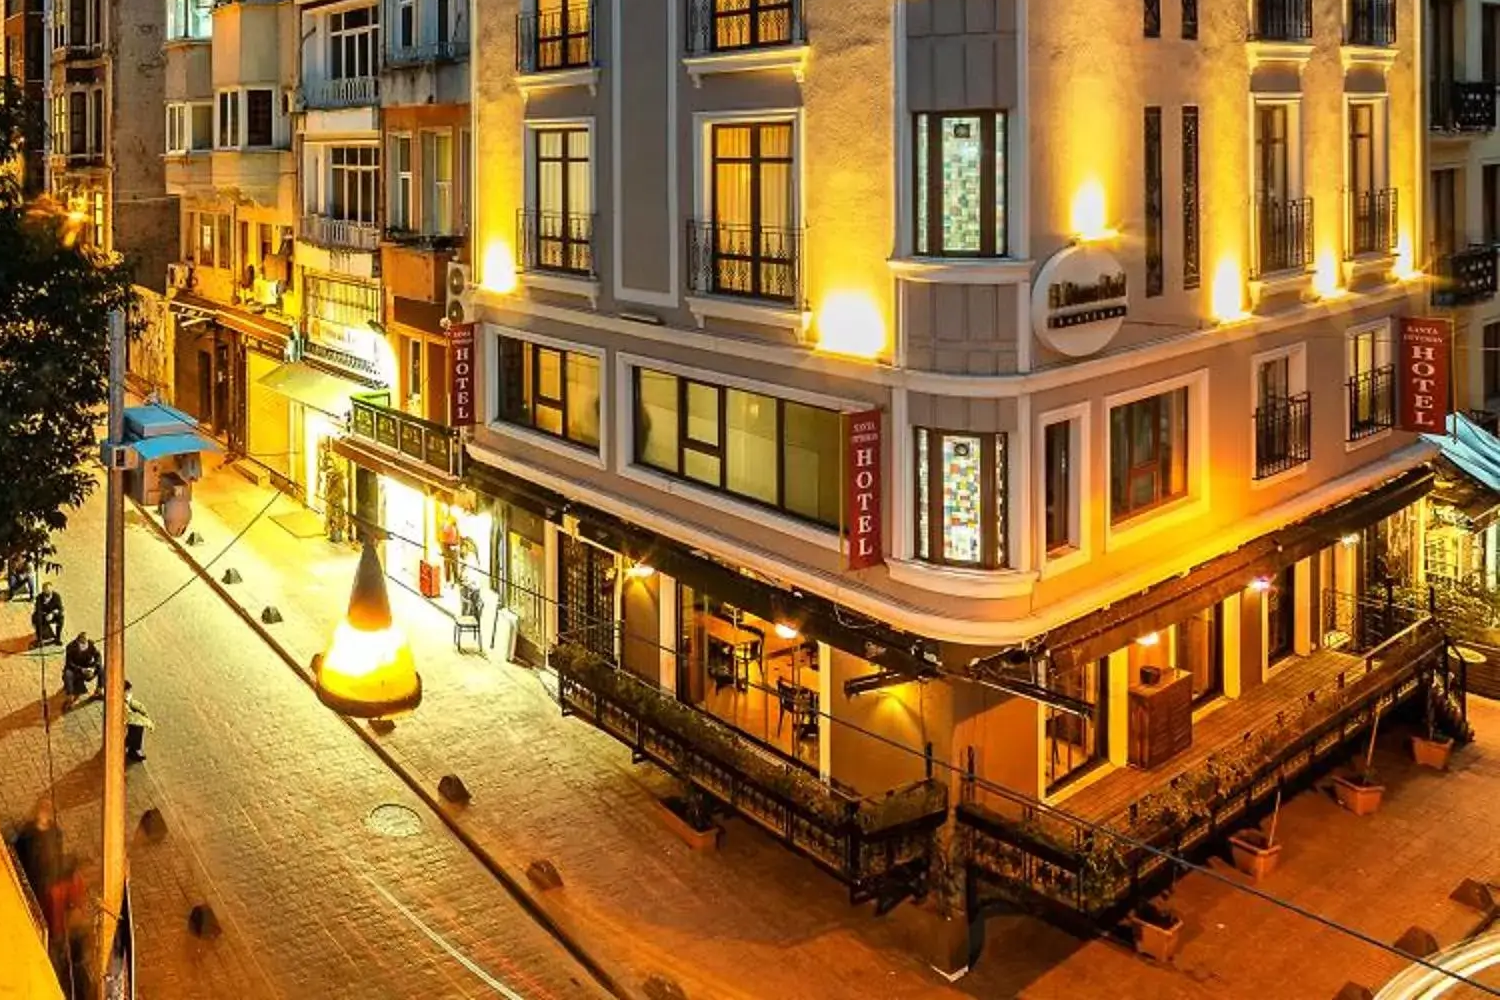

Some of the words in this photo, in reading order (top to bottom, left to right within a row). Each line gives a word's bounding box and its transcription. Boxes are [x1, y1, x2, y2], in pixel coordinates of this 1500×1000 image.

[455, 347, 469, 419] HOTEL
[1411, 345, 1436, 425] HOTEL
[856, 449, 873, 556] HOTEL
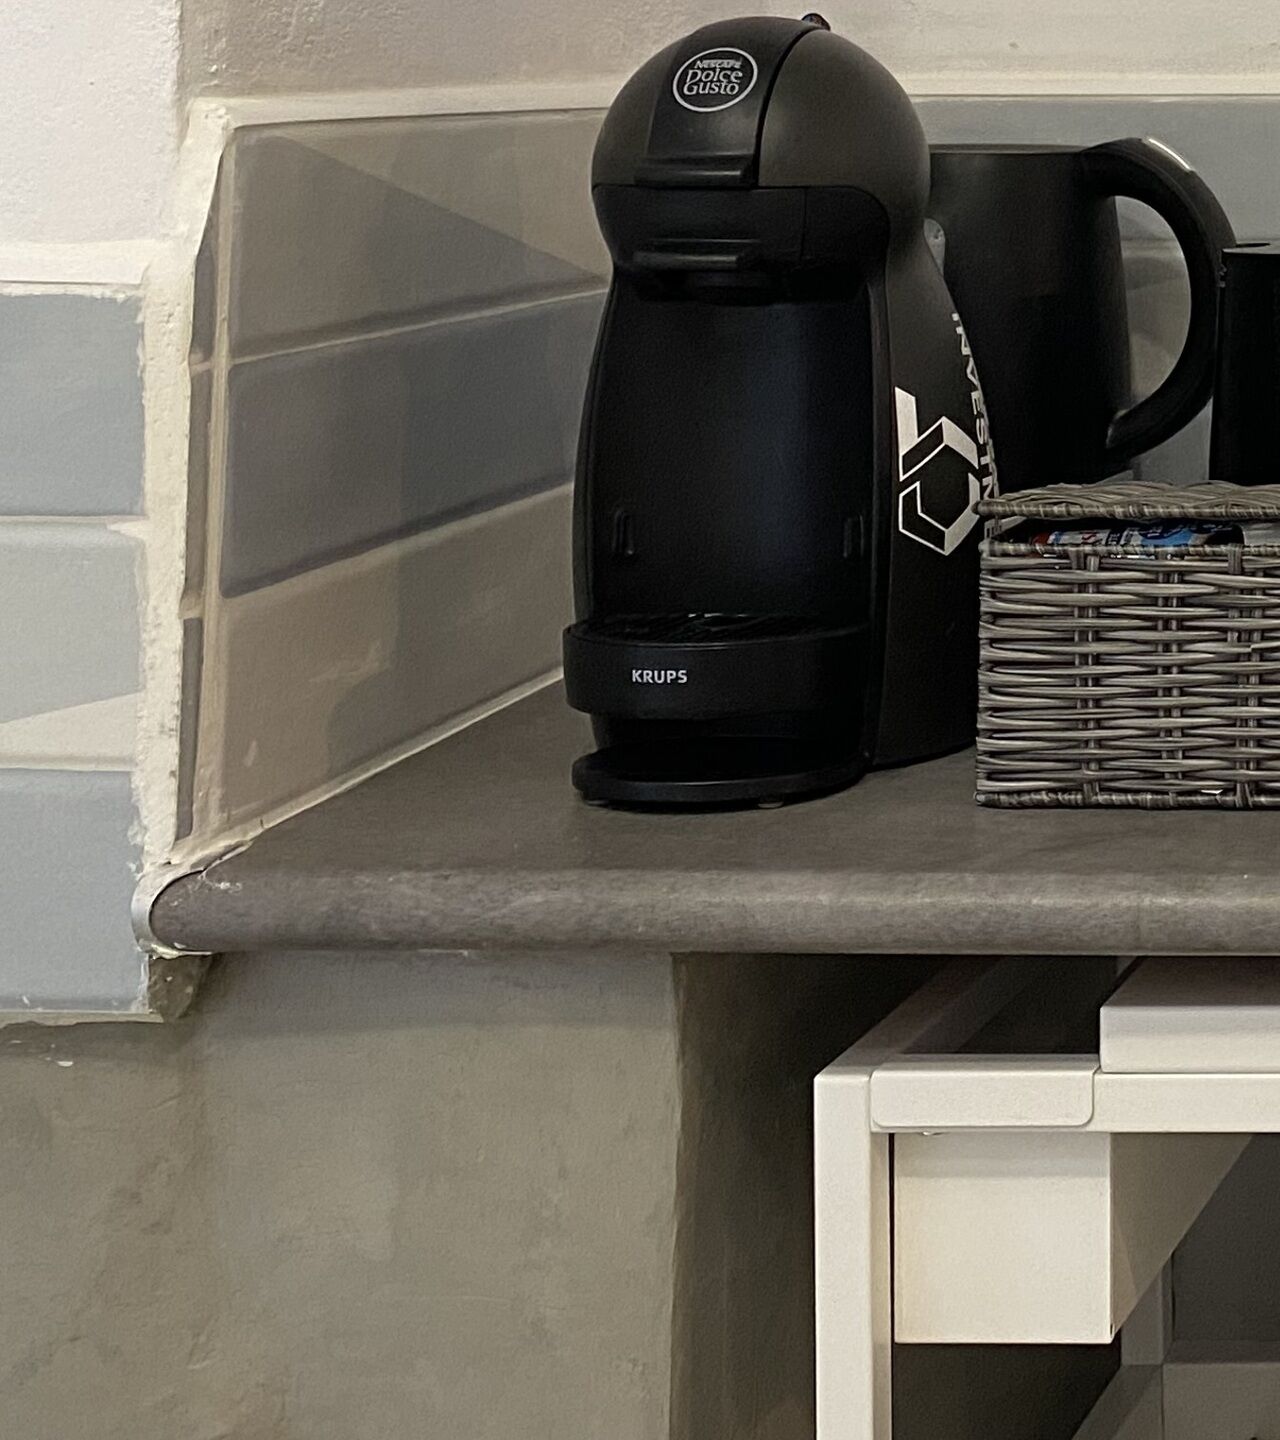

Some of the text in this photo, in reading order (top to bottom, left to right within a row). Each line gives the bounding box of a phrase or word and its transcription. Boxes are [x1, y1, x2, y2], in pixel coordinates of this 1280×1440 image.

[686, 68, 743, 83] Dolce
[683, 80, 739, 95] Gusto
[631, 668, 688, 684] KRUPS
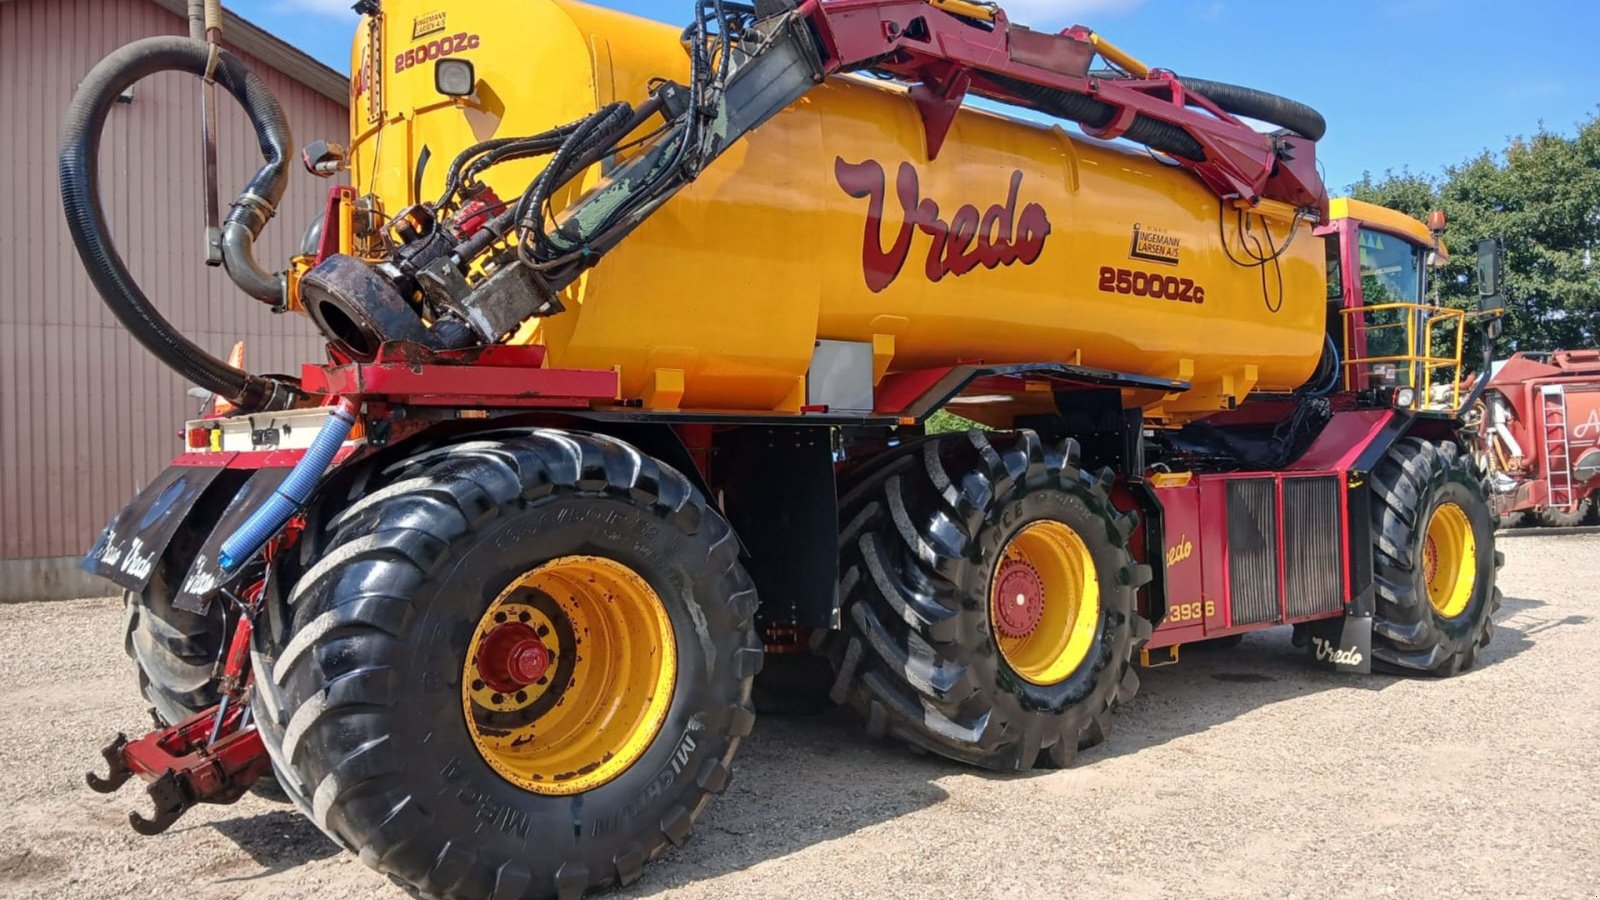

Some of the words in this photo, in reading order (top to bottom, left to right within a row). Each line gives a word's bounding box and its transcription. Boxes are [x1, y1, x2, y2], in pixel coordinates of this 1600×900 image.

[395, 32, 480, 73] 25000Zc
[835, 156, 1051, 293] Vredo
[1139, 231, 1180, 247] INGEMANN
[1138, 242, 1166, 255] LARSEN
[1099, 266, 1205, 304] 25000Zc
[1312, 636, 1363, 665] Vredo
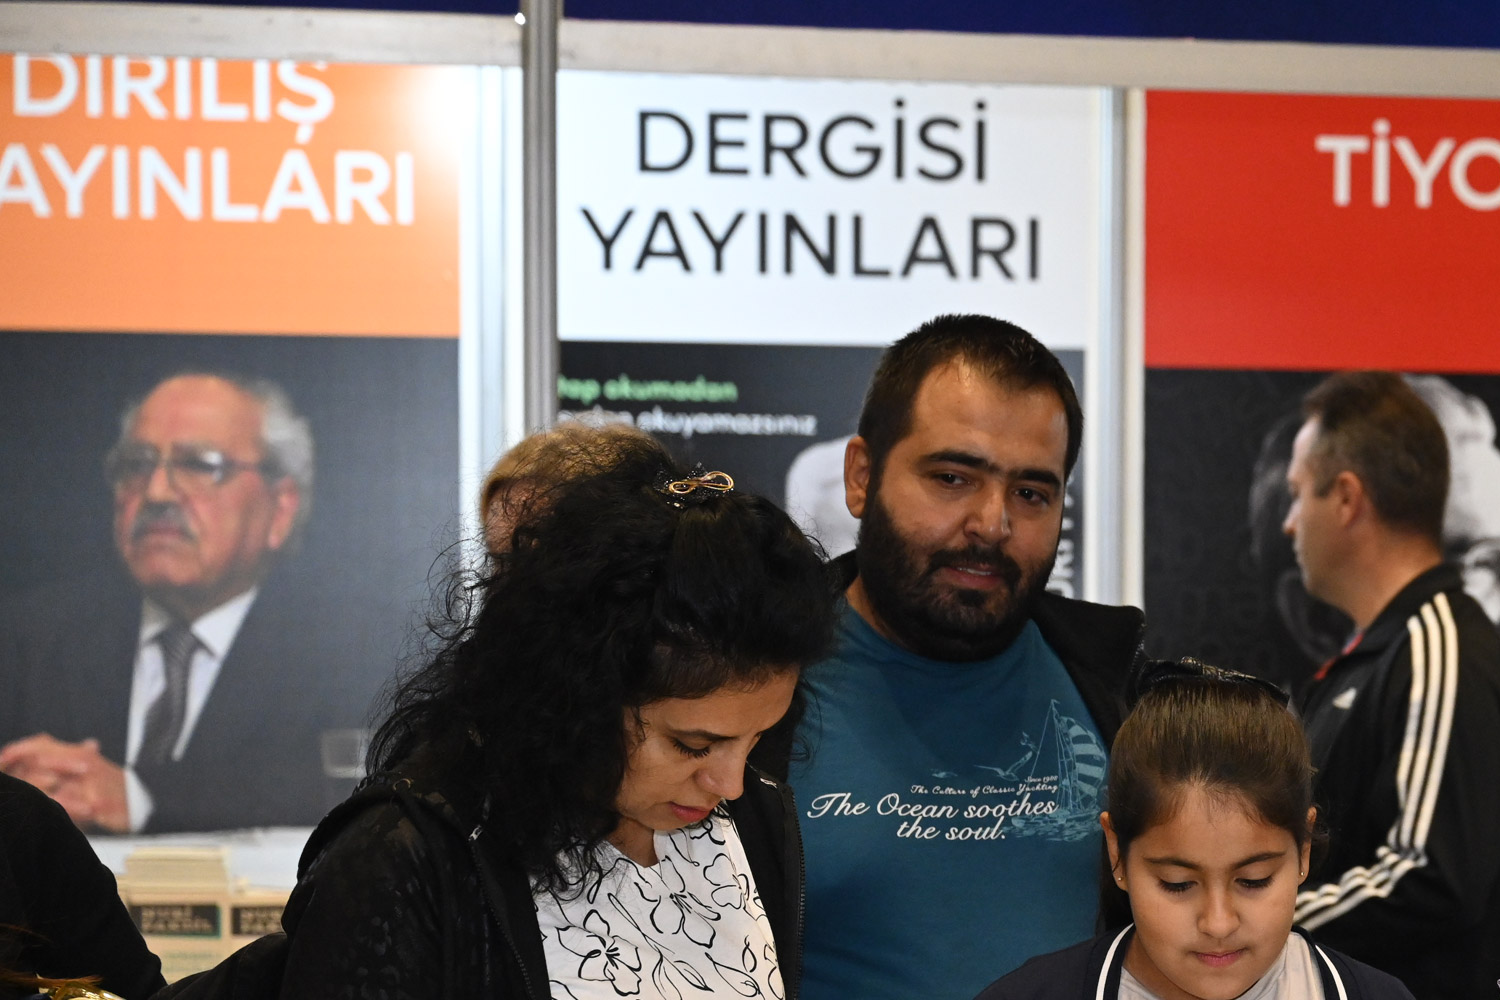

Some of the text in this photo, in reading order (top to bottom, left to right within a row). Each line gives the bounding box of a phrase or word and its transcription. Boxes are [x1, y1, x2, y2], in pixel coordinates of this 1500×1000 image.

[637, 95, 988, 183] DERGİSİ
[580, 207, 1040, 282] YAYINLARI
[806, 792, 1060, 818] The Ocean soothes
[896, 815, 1007, 841] the soul.
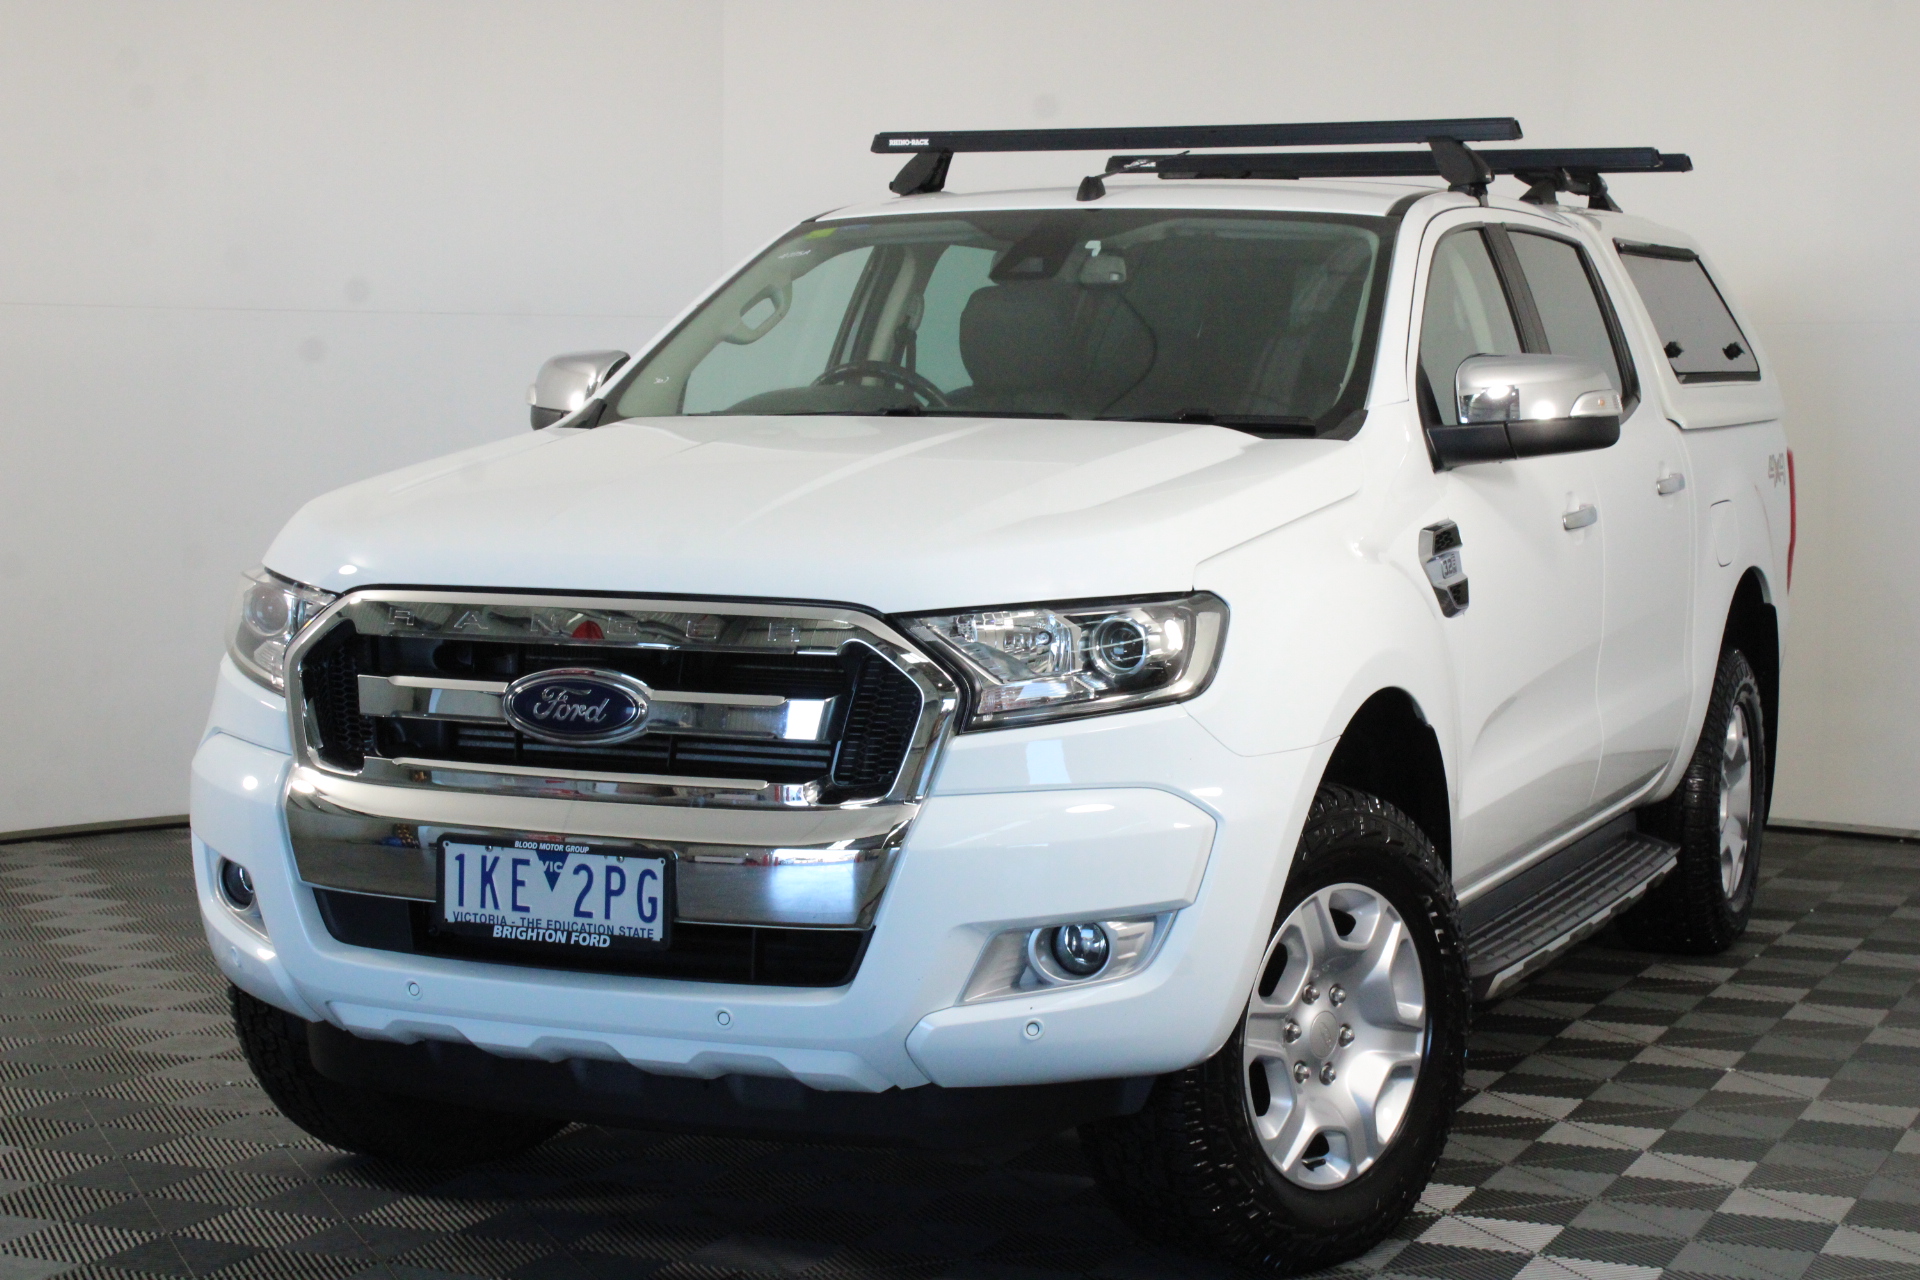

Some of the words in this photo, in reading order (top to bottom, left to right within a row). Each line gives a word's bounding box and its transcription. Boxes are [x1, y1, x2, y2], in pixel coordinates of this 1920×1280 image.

[888, 138, 929, 146] RHINO-RACK
[388, 606, 801, 644] RANGER
[532, 685, 611, 724] Ford
[514, 840, 538, 850] BLOOD
[539, 843, 564, 852] MOTOR
[565, 845, 590, 854] GROUP
[540, 860, 564, 873] VIC
[454, 853, 532, 914] 1KE
[572, 863, 659, 924] 2PG
[453, 911, 508, 925] VICTORIA
[520, 917, 542, 928] THE
[547, 919, 615, 935] EDUCATION
[618, 926, 655, 940] STATE
[492, 925, 568, 944] BRIGHTON
[570, 931, 611, 948] FORD

--

## What is needed
From the first line to the last, output the data exactly; skip any pictures.

## Task response
Some of the words in this photo, in reading order (top to bottom, left to right within a row). Each line gives a word's bounding box and its transcription. Boxes are [x1, y1, x2, y2], in pixel coordinates of this 1500×1000 image.

[455, 347, 469, 419] HOTEL
[1411, 345, 1436, 425] HOTEL
[856, 449, 873, 556] HOTEL

Some of the text in this photo, in reading order (top to bottom, left to right within a row). Each line gives the bounding box of a phrase or word and its transcription. Boxes are [x1, y1, x2, y2], in pixel coordinates of this 1280×1440 image.

[686, 68, 743, 83] Dolce
[683, 80, 739, 95] Gusto
[631, 668, 688, 684] KRUPS

Some of the words in this photo, in reading order (top to bottom, left to right within a row). Each line gives a word's bounding box and its transcription. Boxes are [x1, y1, x2, y2], in pixel coordinates of this 1600×900 image.

[395, 32, 480, 73] 25000Zc
[835, 156, 1051, 293] Vredo
[1139, 231, 1180, 247] INGEMANN
[1138, 242, 1166, 255] LARSEN
[1099, 266, 1205, 304] 25000Zc
[1312, 636, 1363, 665] Vredo

Some of the text in this photo, in reading order (top to bottom, left to right within a row). Each line gives the bounding box of a phrase or word and its transcription. Boxes are [x1, y1, x2, y2], in pixel coordinates of this 1500×1000 image.

[637, 95, 988, 183] DERGİSİ
[580, 207, 1040, 282] YAYINLARI
[806, 792, 1060, 818] The Ocean soothes
[896, 815, 1007, 841] the soul.

Some of the words in this photo, in reading order (top to bottom, left to right within a row). Each line gives a word's bounding box and its transcription. Boxes are [x1, y1, x2, y2], in pixel coordinates of this 1920×1280 image.

[888, 138, 929, 146] RHINO-RACK
[388, 606, 801, 644] RANGER
[532, 685, 611, 724] Ford
[514, 840, 538, 850] BLOOD
[539, 843, 564, 852] MOTOR
[565, 845, 590, 854] GROUP
[540, 860, 564, 873] VIC
[454, 853, 532, 914] 1KE
[572, 863, 659, 924] 2PG
[453, 911, 508, 925] VICTORIA
[520, 917, 542, 928] THE
[547, 919, 615, 935] EDUCATION
[618, 926, 655, 940] STATE
[492, 925, 568, 944] BRIGHTON
[570, 931, 611, 948] FORD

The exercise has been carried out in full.